La publication des Projets de règlements se veut une concrétisation du Plan de protection du territoire face aux inondations élaboré par le gouvernement du Québec à la suite des inondations de 2017 et 2019.
Votre équipe Fasken en Droit de l’environnement vous propose un aperçu des principales modifications proposées.
Nouvelle classification et cartographie des zones inondables
- Accroissement des zones inondables : de nouvelles cartes des zones inondables seront élaborées et le MELCCFP estime que le territoire assujetti au régime de protection des zones inondables serait agrandi de 30% à 40%.
- Les nouvelles cartes prendront en compte à la fois la fréquence des inondations, leur intensité et les impacts des changements climatiques. Elles seront basées sur les connaissances scientifiques les plus récentes et seront élaborées en collaboration avec les municipalités.
- La nouvelle cartographie des zones inondables sera déployée progressivement suivant l’entrée en vigueur des règlements.
Considérant le fait que la cartographie des zones inondables telles qu’elles seraient classifiées n’est pas encore terminée, il est difficile pour les assujettis d’anticiper les impacts de ces Projets de règlements. Le MELCCFP a toutefois publié un projet de guide méthodologique applicable à l’établissement des zones inondables et de mobilité pour permettre de comprendre les changements apportés dans la méthode de délimitation. [2]
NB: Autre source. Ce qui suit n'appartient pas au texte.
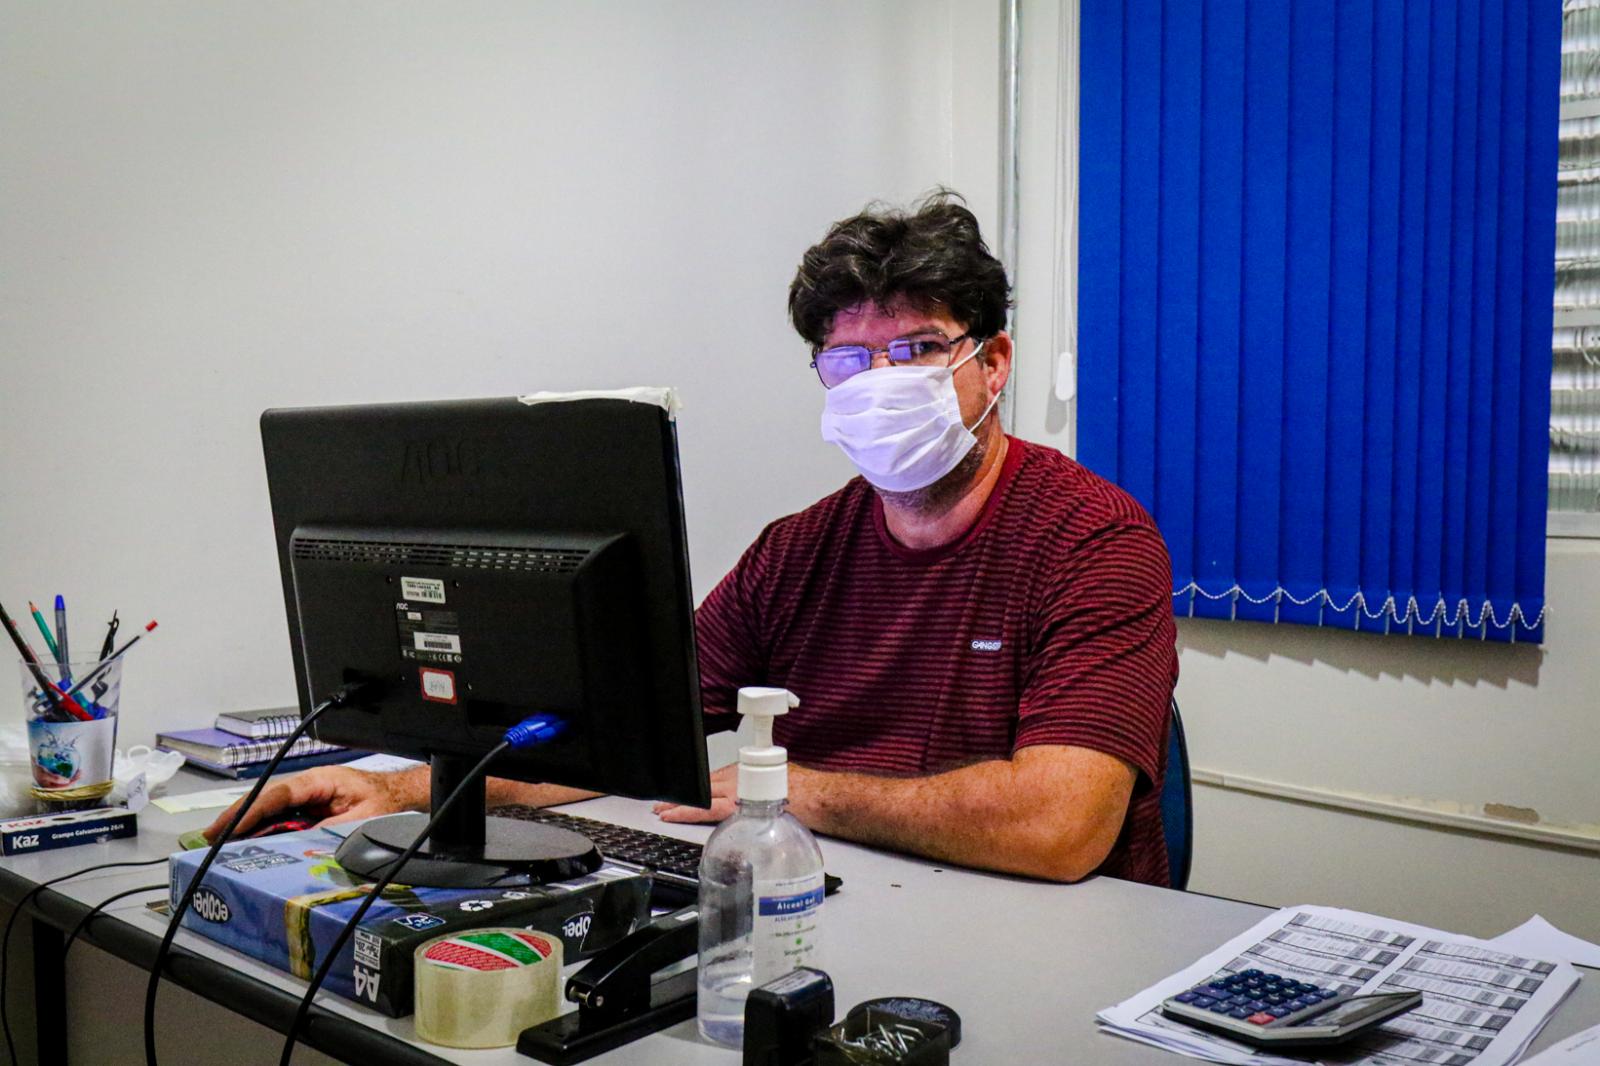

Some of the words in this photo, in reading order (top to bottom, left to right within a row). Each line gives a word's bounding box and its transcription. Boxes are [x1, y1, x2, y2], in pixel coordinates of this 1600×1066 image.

[51, 831, 75, 840] Grampo
[75, 825, 109, 836] Galvanizado
[12, 834, 40, 850] Kaz
[353, 963, 381, 1003] A4
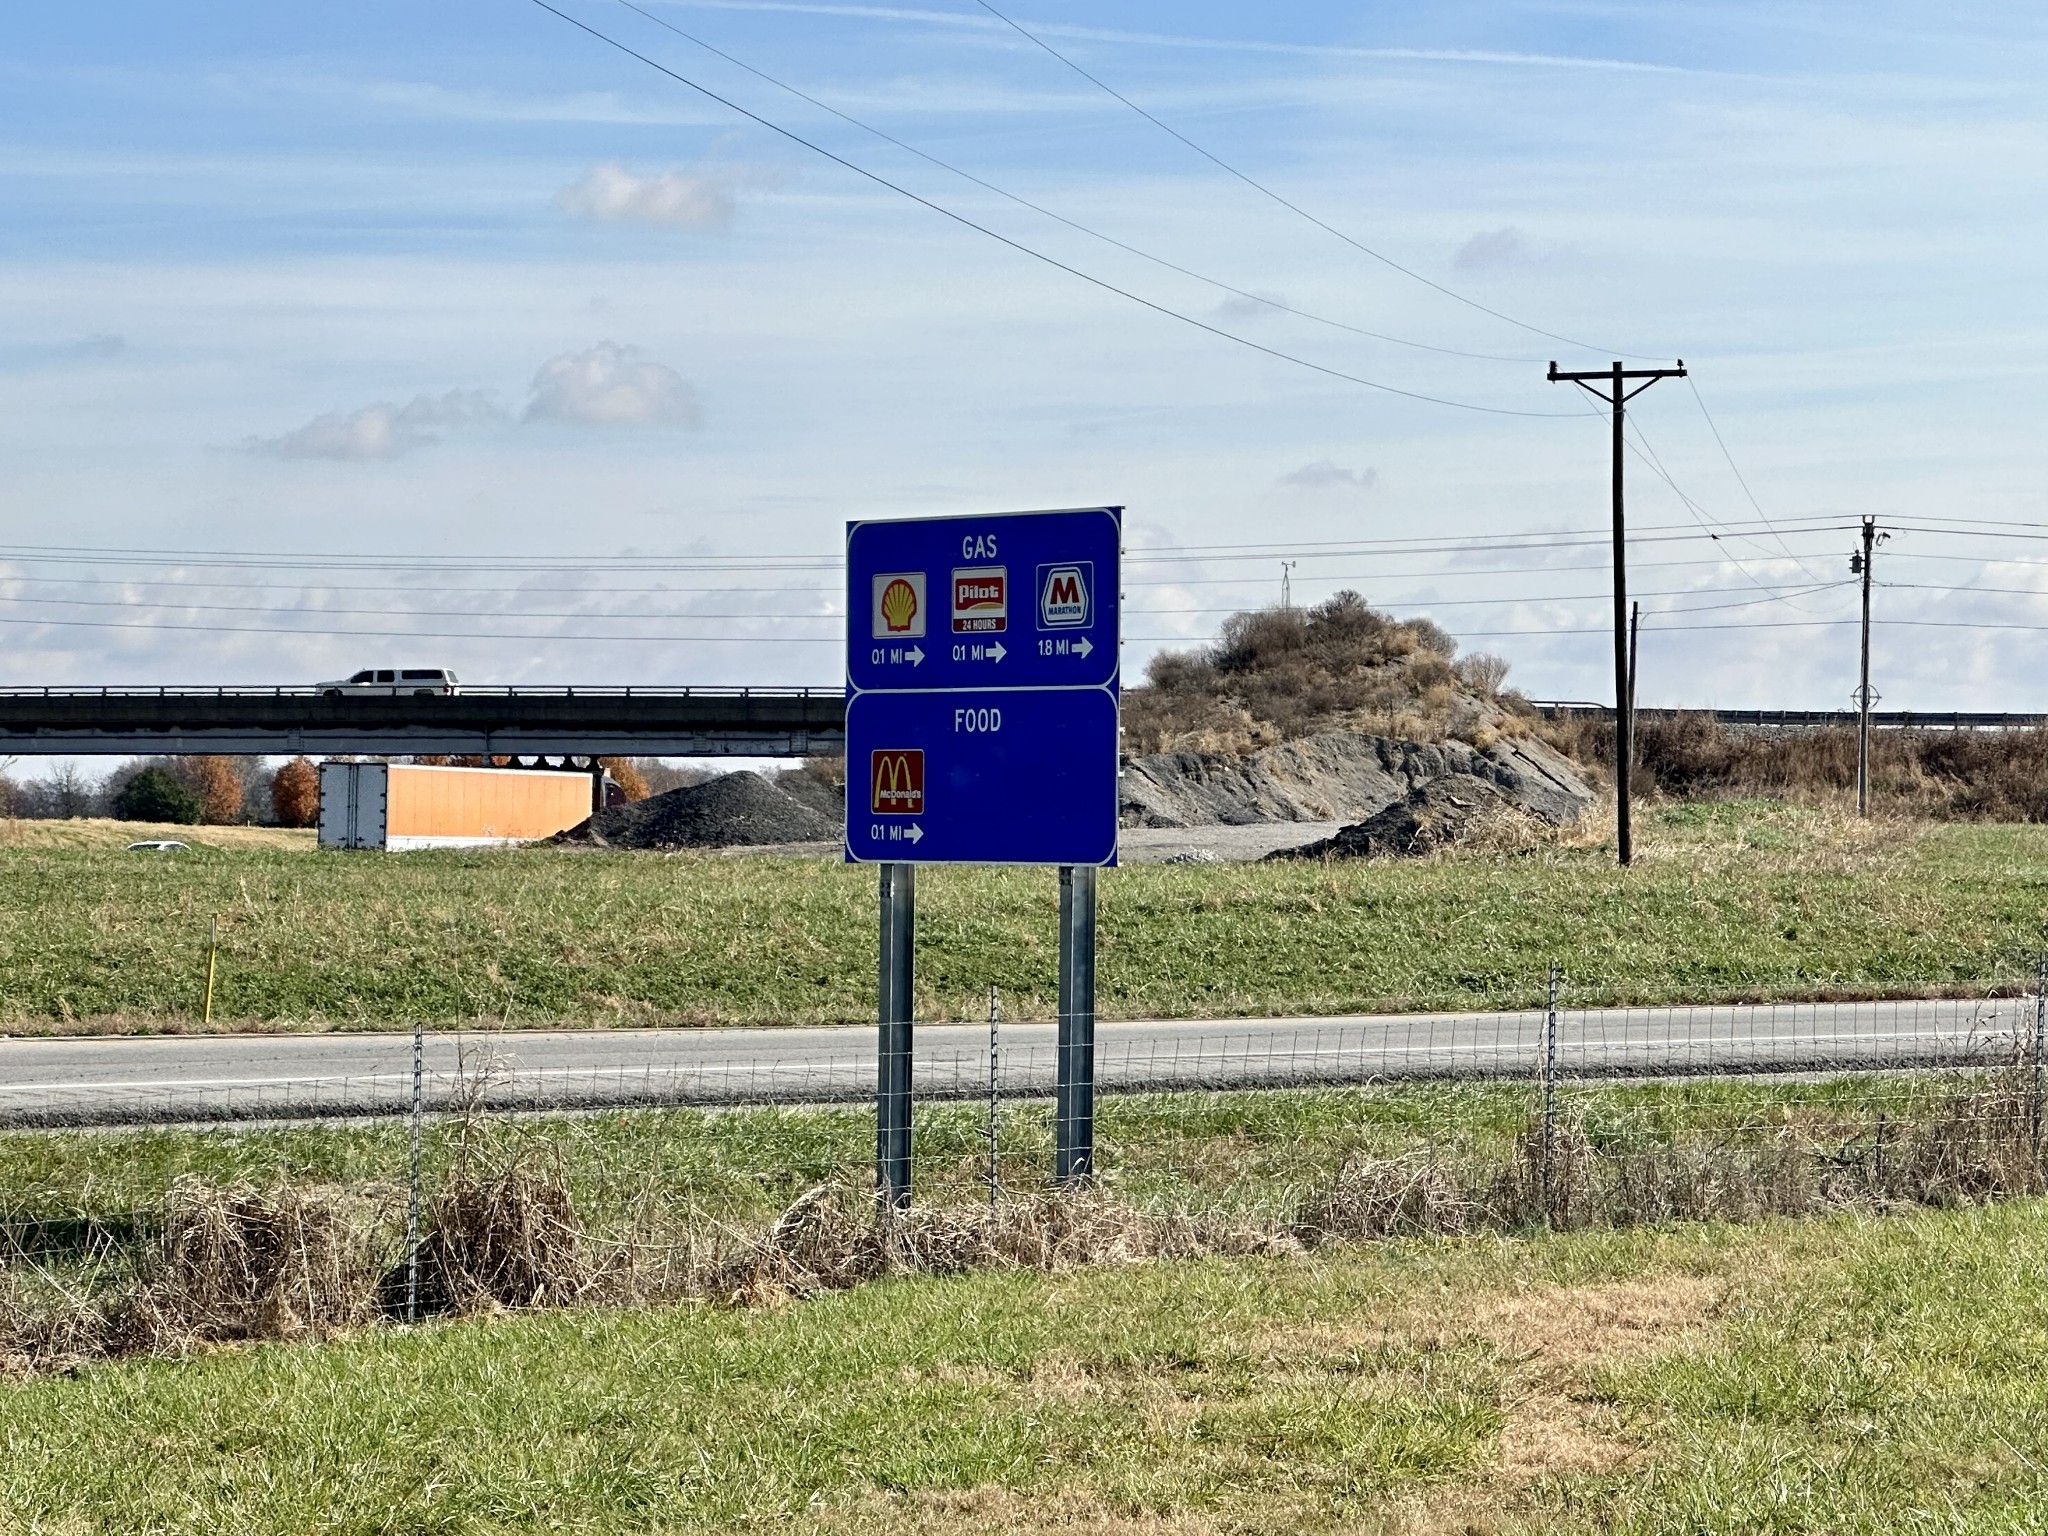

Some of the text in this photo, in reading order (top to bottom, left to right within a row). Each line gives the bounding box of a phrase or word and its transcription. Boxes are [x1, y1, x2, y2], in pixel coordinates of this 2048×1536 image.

[962, 534, 998, 560] GAS
[1048, 604, 1082, 616] MARATHON
[962, 618, 997, 631] 24 HOURS
[952, 644, 984, 661] 0.1 MI
[1038, 638, 1070, 656] 1.8 MI
[871, 648, 903, 665] 0.1 MI
[955, 708, 1002, 733] FOOD
[880, 789, 922, 799] McDonald's
[871, 824, 902, 841] 0.1 MI
Notons également que ni la LQE, ni les règlements en vigueur ou les Projets de règlements ne prévoient la possibilité de contester la délimitation de ces zones inondables lorsque complétée. L’alinéa 4 de l’article 46.0.2.1 de la LQE prévoit que le ministre de l’Environnement, de la Lutte contre les changements climatiques, de la Faune et des Parcs doit publier dans la Gazette officielle du Québec, après avoir consulté le ministre des Ressources naturelles et de la Faune, un avis précisant que la délimitation des zones inondables des lacs et des cours d’eau et des zones de mobilité des cours d’eau a été établie. De tels avis pourraient faire l’objet de pourvois en contrôle judiciaire en Cour supérieure.
- Détermination de la limite du littoral : la manière de déterminer la limite du littoral et certaines zones inondables serait prévue à l’annexe 1 du nouveau Règlement sur l’encadrement d’activités sous la responsabilité des municipalités réalisées dans des milieux hydriques en remplacement de la Politique de protection des rives, du littoral et des plaines inondables[3] et dépendrait de différents facteurs tels la présence d’un ouvrage ou des conditions écologiques particulières.
Aperçu des modifications règlementaires proposées
Ce projet de cadre réglementaire révisé propose plusieurs ajustements comparativement au Régime transitoire actuellement en vigueur :
Publication du Règlement sur l’encadrement d’activités sous la responsabilité des municipalités réalisées dans des milieux hydriques (« REARMMH »)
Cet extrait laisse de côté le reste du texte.